__Task requirements__.
Omitting all images, transcribe the entries word for word.

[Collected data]
........

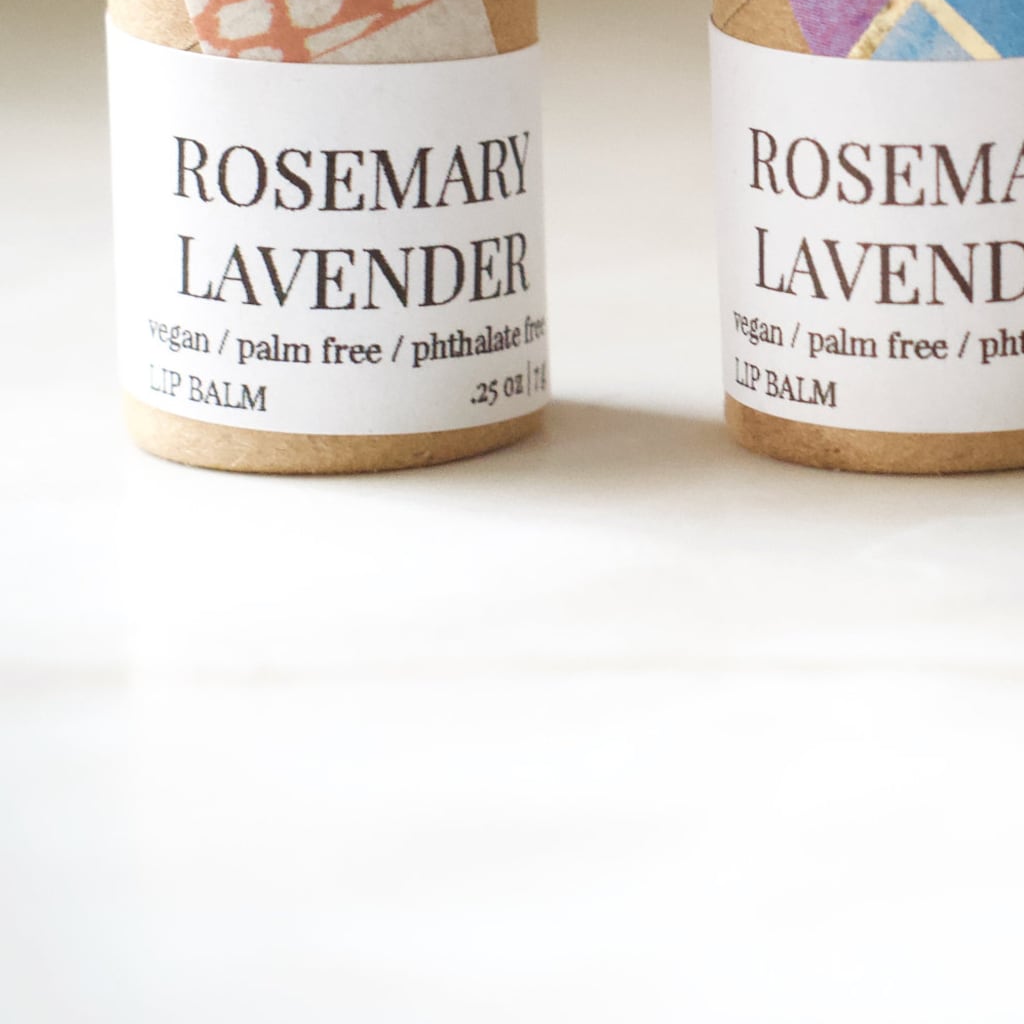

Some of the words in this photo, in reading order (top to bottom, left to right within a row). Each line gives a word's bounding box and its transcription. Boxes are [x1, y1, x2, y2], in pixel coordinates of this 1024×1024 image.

[173, 131, 530, 212] ROSEMARY
[177, 233, 530, 310] LAVENDER
[148, 319, 210, 352] vegan
[236, 333, 310, 364] palm
[322, 337, 382, 363] free
[412, 325, 521, 368] phthalate
[733, 311, 784, 346] vegan
[808, 327, 878, 358] palm
[888, 332, 948, 358] free
[149, 364, 182, 397] LIP
[188, 374, 268, 412] BALM
[470, 379, 498, 406] .25
[503, 374, 523, 397] oz
[734, 356, 761, 391] LIP
[765, 368, 837, 408] BALM

........

__Exercise solution__.
Some of the words in this photo, in reading order (top to bottom, left to right within a row). Each line gives a word's bounding box and its transcription. Boxes are [x1, y1, x2, y2], in pixel coordinates of this 1024×1024 image.

[173, 131, 530, 212] ROSEMARY
[177, 233, 530, 310] LAVENDER
[148, 319, 210, 352] vegan
[236, 333, 310, 364] palm
[322, 337, 382, 363] free
[412, 325, 521, 368] phthalate
[733, 311, 784, 346] vegan
[808, 327, 878, 358] palm
[888, 332, 948, 358] free
[149, 364, 182, 397] LIP
[188, 374, 268, 412] BALM
[470, 379, 498, 406] .25
[503, 374, 523, 397] oz
[734, 356, 761, 391] LIP
[765, 368, 837, 408] BALM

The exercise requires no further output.